Introduction

Afatinib (GILOTRIF®, Boehringer Ingelheim; Ingelheim, Germany) is an oral, irreversible ErbB family blocker approved by the US Food and Drug Administration (FDA) for first-line treatment of metastatic non–small cell lung cancer (NSCLC) in patients whose tumors harbor epidermal growth factor receptor (EGFR) mutations, specifically exon 19 deletions (Del19) or exon 21 (L858R) substitutions, as identified by an FDA-approved test [1]. Afatinib is also approved for the treatment of patients with metastatic, squamous NSCLC progressing after platinum-based chemotherapy [1]. It has been evaluated in several NSCLC clinical trials, including tyrosine kinase inhibitor (TKI)–naïve and TKI-exposed patients [24]. Results from two global phase 3 trials, LUX-Lung 3 and LUX-Lung 6, demonstrated significant progression-free survival (PFS) benefit with afatinib versus cisplatin/pemetrexed and cisplatin/gemcitabine, respectively, as first-line therapy among patients with common EGFR mutations (Del19/L858R) [5, 6]. In both studies, a significant overall survival (OS) benefit was also observed with afatinib in patients with Del19 mutations [7].

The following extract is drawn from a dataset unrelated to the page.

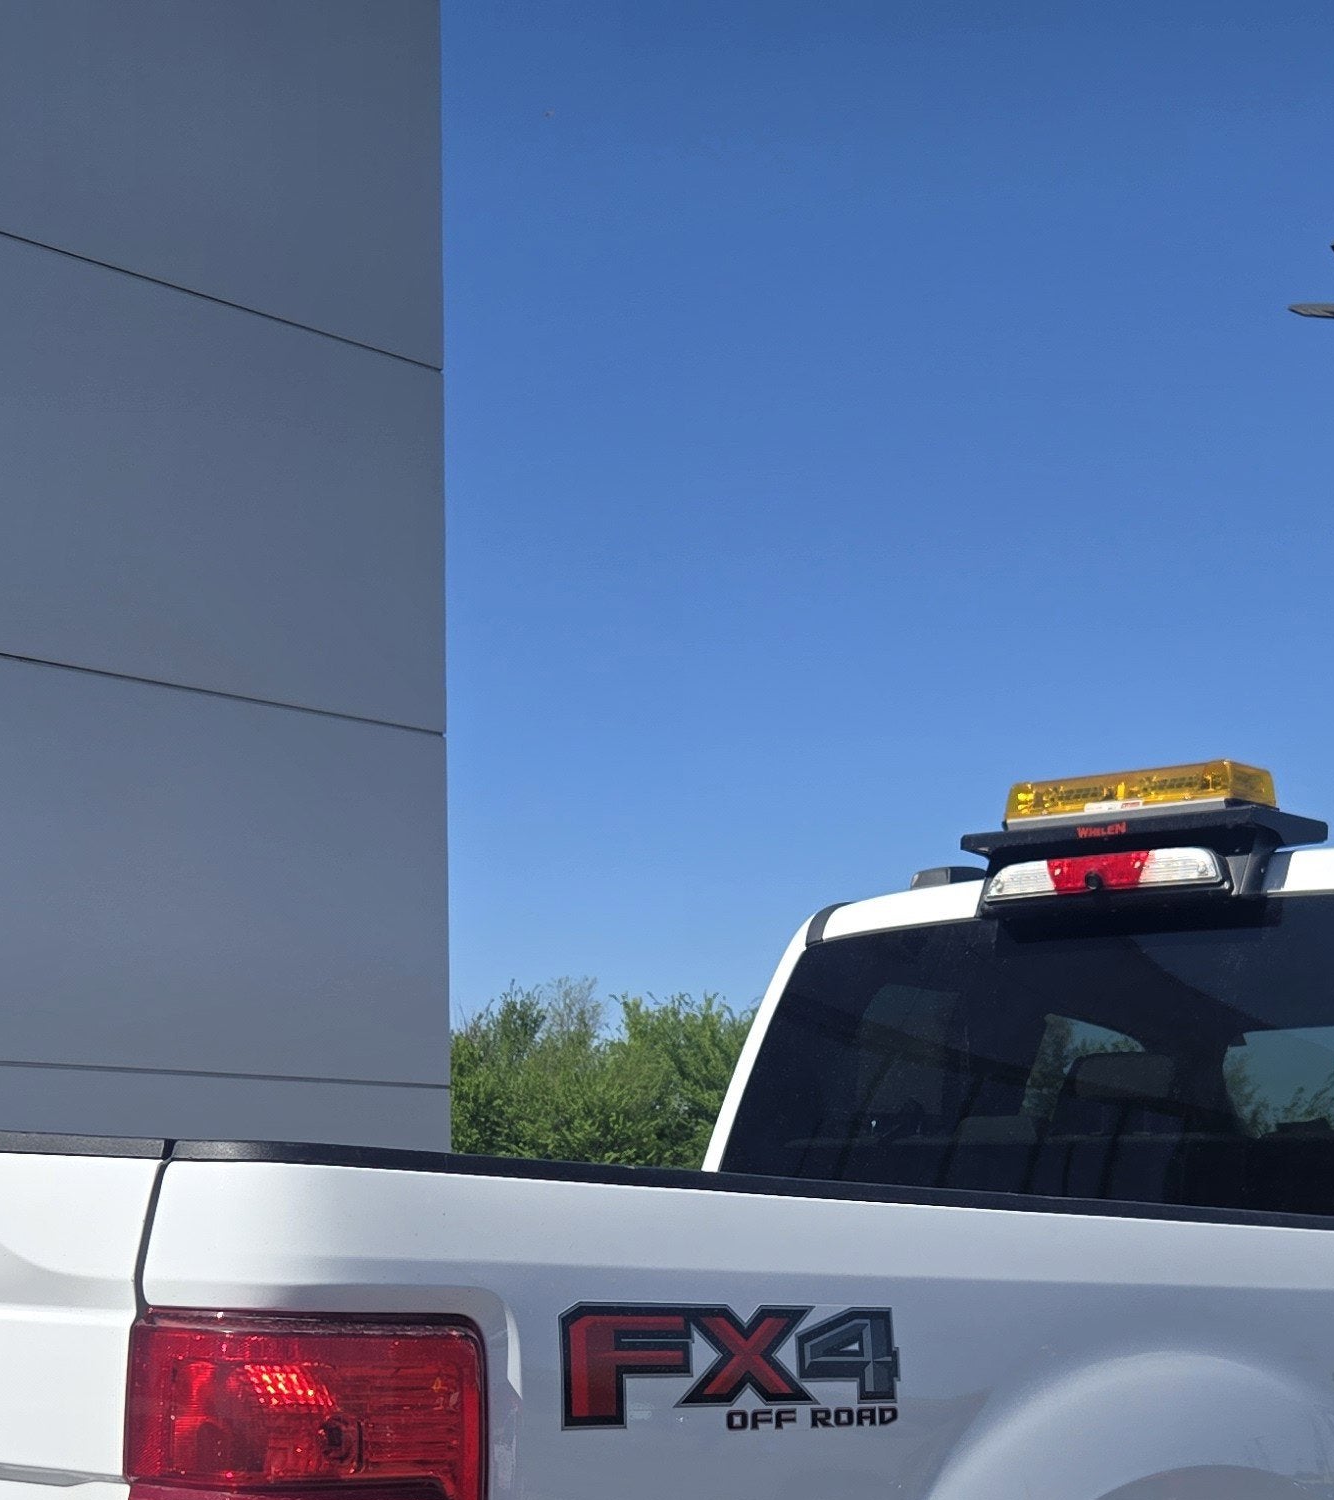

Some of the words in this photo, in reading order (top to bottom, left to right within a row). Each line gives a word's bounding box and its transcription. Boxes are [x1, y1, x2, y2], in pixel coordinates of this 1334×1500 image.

[558, 1301, 900, 1431] FX4
[725, 1407, 797, 1431] OFF
[810, 1405, 899, 1429] ROAD

Expanded access, or “compassionate use,” makes investigational drugs available to patients in the United States who are ineligible for ongoing clinical trials [8]. This expanded access program (EAP) was developed to provide afatinib access before FDA approval for patients with locally advanced or metastatic NSCLC harboring EGFR mutations, regardless of the line of therapy (not limited to Del19 or L858R mutations in the first-line setting, as currently indicated). The aim of this study was to collect additional information on afatinib safety, tolerability, and efficacy in a real-world clinical setting.

Methods

Patients/Program Design

The afatinib EAP was an open-label, multicenter, single-arm program conducted at 66 US sites. Adult patients with locally advanced or metastatic NSCLC harboring EGFR mutations (identified per the institution’s testing methodology), adequate organ function, and an Eastern Cooperative Oncology Group performance status (ECOG PS) of 0–2 were eligible regardless of line of therapy. Patients with symptomatic brain metastases were excluded from participation, but patients with previously treated asymptomatic brain metastases were eligible, provided they had stable disease for ≥4 weeks on stable doses of medication.

Patients were instructed to take a single oral dose of afatinib 40 mg with a glass of water at approximately the same time each day, with no food for ≥3 h before and ≥1 h after taking afatinib. Dose escalation was prohibited. Dose reductions in 10-mg steps were allowed based on tolerability. Adverse events (AEs) were categorized and graded using the National Cancer Institute Common Terminology Criteria for Adverse Events, version 3.0. For patients with any grade ≥3 treatment-related AEs, prolonged grade 2 diarrhea (≥48 h), grade ≥2 worsening renal function, or acute onset and/or unexplained worsening of pulmonary symptoms, afatinib treatment was withheld while supportive care was administered or clinical assessment was completed. After the AE fully resolved, returned to baseline, or improved to grade 1, afatinib was reinstituted at a dose reduced by 10 mg; the dose could not be increased. For unrelated AEs, the treating physician could pause medication for ≤14 days without dose reduction. Patients were discontinued from the EAP if afatinib was paused >6 weeks.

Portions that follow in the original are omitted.